Why does traditional QA not work with agile teams?

  • In a non-agile team, the development team hands off their work to the testing group, creating a delay in the find/fix/retest loop
  • Traditional QA works in isolation which implies that each testing session involves retesting the same functionality over and over, also called manual regression testing, which leads to a longer testing cycle
  • In his book, Principles of Product Development FlowDon Reinertsen states that a longer testing cycle creates opportunity cost, which could be realized by reducing the testing cycle and releasing more often
  • With both the development and testing teams in their own silos, they will naturally focus on optimizing their own subcomponent instead of optimizing broader delivery processes

While traditional software testing roles in QA teams may be going away in some organizations, the work testers do is not.

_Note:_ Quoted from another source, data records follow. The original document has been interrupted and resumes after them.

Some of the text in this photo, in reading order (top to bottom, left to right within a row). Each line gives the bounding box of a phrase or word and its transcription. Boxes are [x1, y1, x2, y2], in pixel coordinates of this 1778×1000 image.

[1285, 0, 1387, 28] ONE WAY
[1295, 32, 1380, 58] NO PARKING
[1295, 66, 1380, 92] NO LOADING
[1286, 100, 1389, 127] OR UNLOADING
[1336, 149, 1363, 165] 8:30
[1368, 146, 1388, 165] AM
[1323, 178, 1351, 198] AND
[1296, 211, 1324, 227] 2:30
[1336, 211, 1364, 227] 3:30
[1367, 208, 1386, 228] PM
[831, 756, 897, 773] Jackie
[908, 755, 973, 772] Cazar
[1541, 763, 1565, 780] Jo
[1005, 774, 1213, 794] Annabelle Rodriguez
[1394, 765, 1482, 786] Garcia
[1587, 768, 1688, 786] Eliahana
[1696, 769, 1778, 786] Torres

Adoption of a continuous approach to quality

Agile practices have blended development and testing activities to such a degree that software testing is no longer a standalone phase. Instead, testing becomes an implicit activity during the development of software. In agile, QA works with the development team throughout the development phase and provides valuable feedback right from the beginning instead of waiting until the end of the development cycle.

This must involve Continuous Testing, which could take the form of shift left and shift right.

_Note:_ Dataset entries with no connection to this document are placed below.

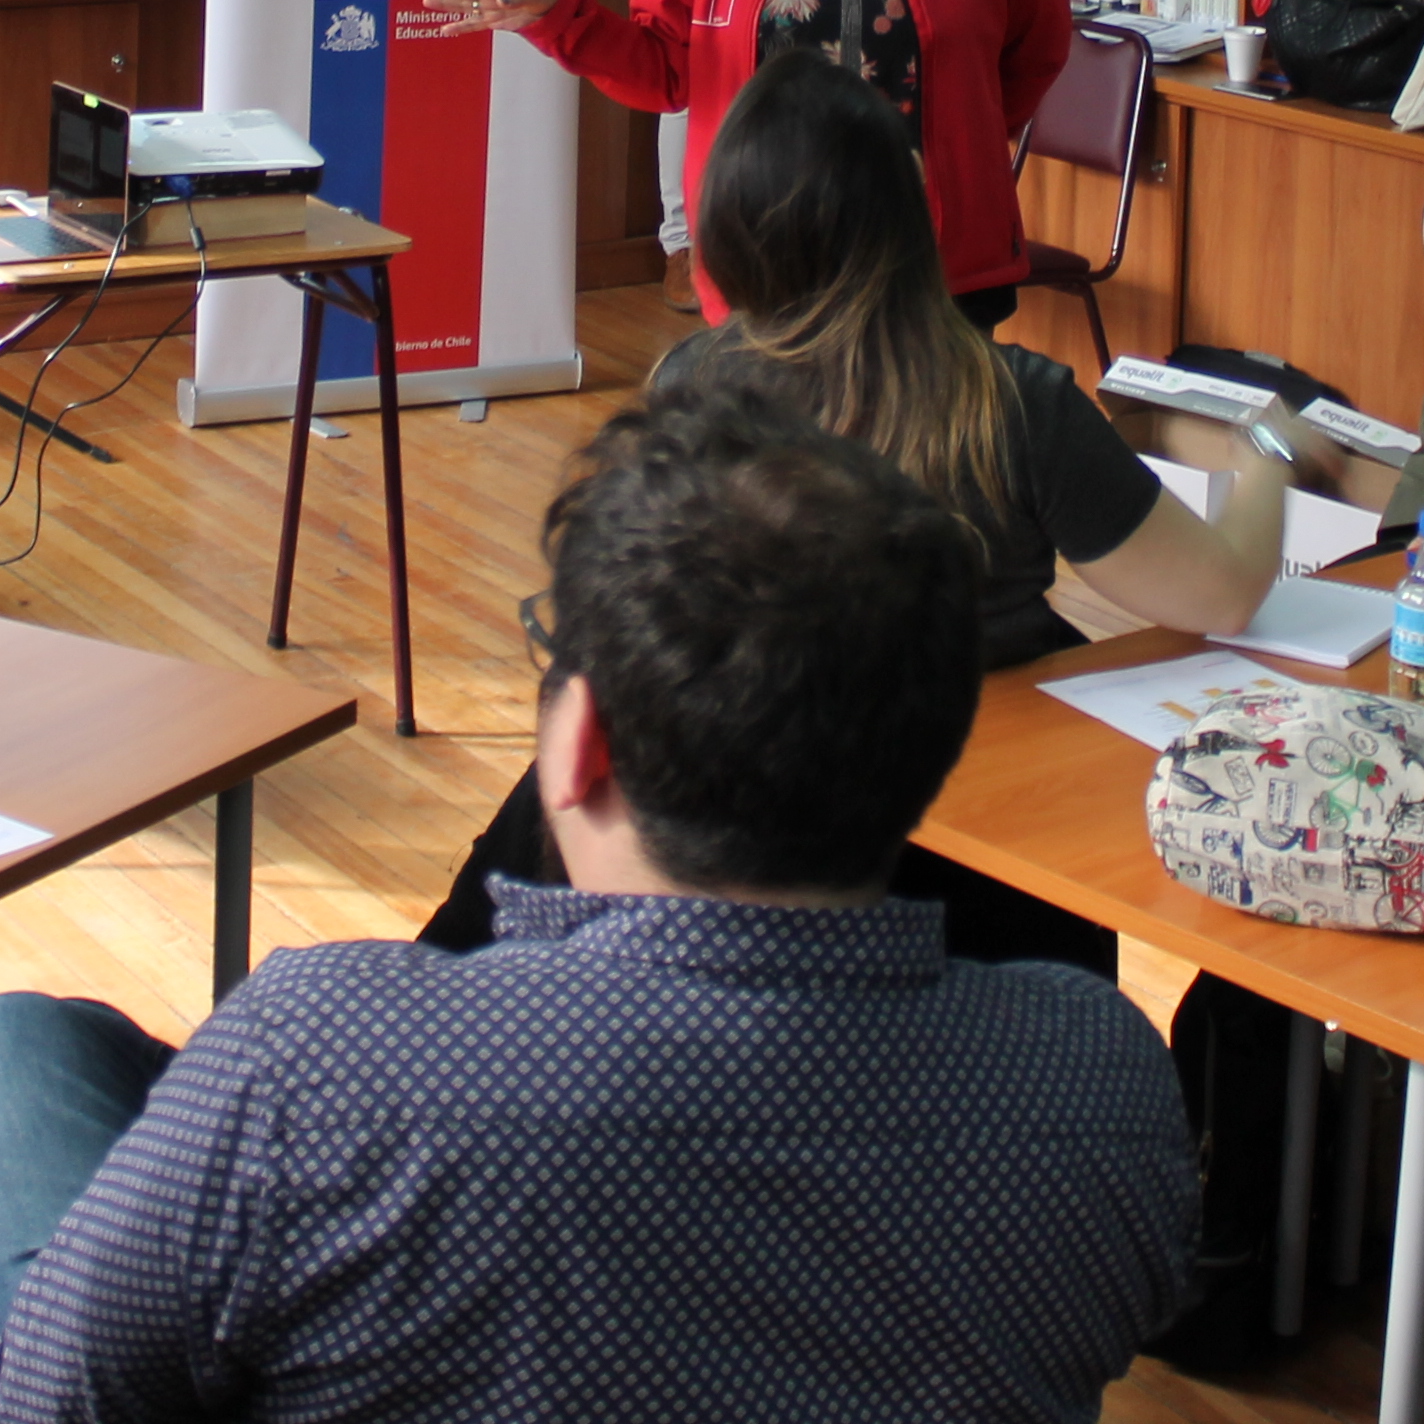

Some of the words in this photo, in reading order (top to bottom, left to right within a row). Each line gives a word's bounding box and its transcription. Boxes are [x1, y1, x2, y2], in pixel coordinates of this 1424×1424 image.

[395, 10, 461, 25] Ministerio
[394, 25, 459, 41] Educaci
[395, 341, 428, 352] bierno
[430, 338, 444, 349] de
[445, 335, 472, 348] Chile
[1118, 364, 1166, 384] equalit
[1320, 407, 1370, 433] equalit

Shifting testing left refers to applying testing practice earlier in the development process. To shift left, QA should bring their testing skill to the early phase of the development, such as requirement gathering, planning, and estimation by identifying gaps in user stories, planning automated testing ahead of time, and covering edge scenarios early. QA should work in parallel with development and build test cases during sprint stories which can be automated later (preferably in the next sprint).

Shift right refers to applying testing practice at the later stage in the development process. It involves testing not just during the application release but also in deploying, configuring, operating, and monitoring applications. It also includes running tests frequently in production to identify potential issues before the customer reports them. QA should work closely with DevOps to effectively set up the infrastructure to extend their Continuous Testing culture by enabling shift right testing practices.

QA and Developers, together, can prevent workload on the QA team at the end of the sprint and reduce the risk of surprises.

Path to high performing QA

Working together with Developers

Agile QAs work closely with the developers on user stories. While the developers finish the development, QA writes the test scenarios which are not covered in unit tests, plans testing strategy, and prepares the testing environment.

Test Automation

Modern testing frameworks such as and TestCafe, enable developers and QAs to write unit, integration, and end-to-end tests together and allow them to run them in deployment pipelines. It helps QA to build test suites without putting dedicated time to write automated test cases.

Test Manually for the right reasons

QA should have a valid reason to not automate a test case, but not every test needs to be automated. Complex and subjective validations, new functionalities, and user experience testing are few examples where automated testing can be avoided due to efficiency and low return on investment. However, exploratory testing can identify gaps in automation tests.

Achieve Shift Left

Modern QA with DevOps can help the organization build tools to shift IT knowledge to the service desk and further to the end customer. High-performing QA runs the mission-critical test scenarios in production environments at regular intervals to achieve high IT state transparency to service desk professionals. When a customer calls in, they can identify the outage and resolve the customer query faster. In fact, customers respond confidently to find their own answers. Making the critical service status available to the customer self-service portal can reduce organization cost to serve and result in faster and effective resolution.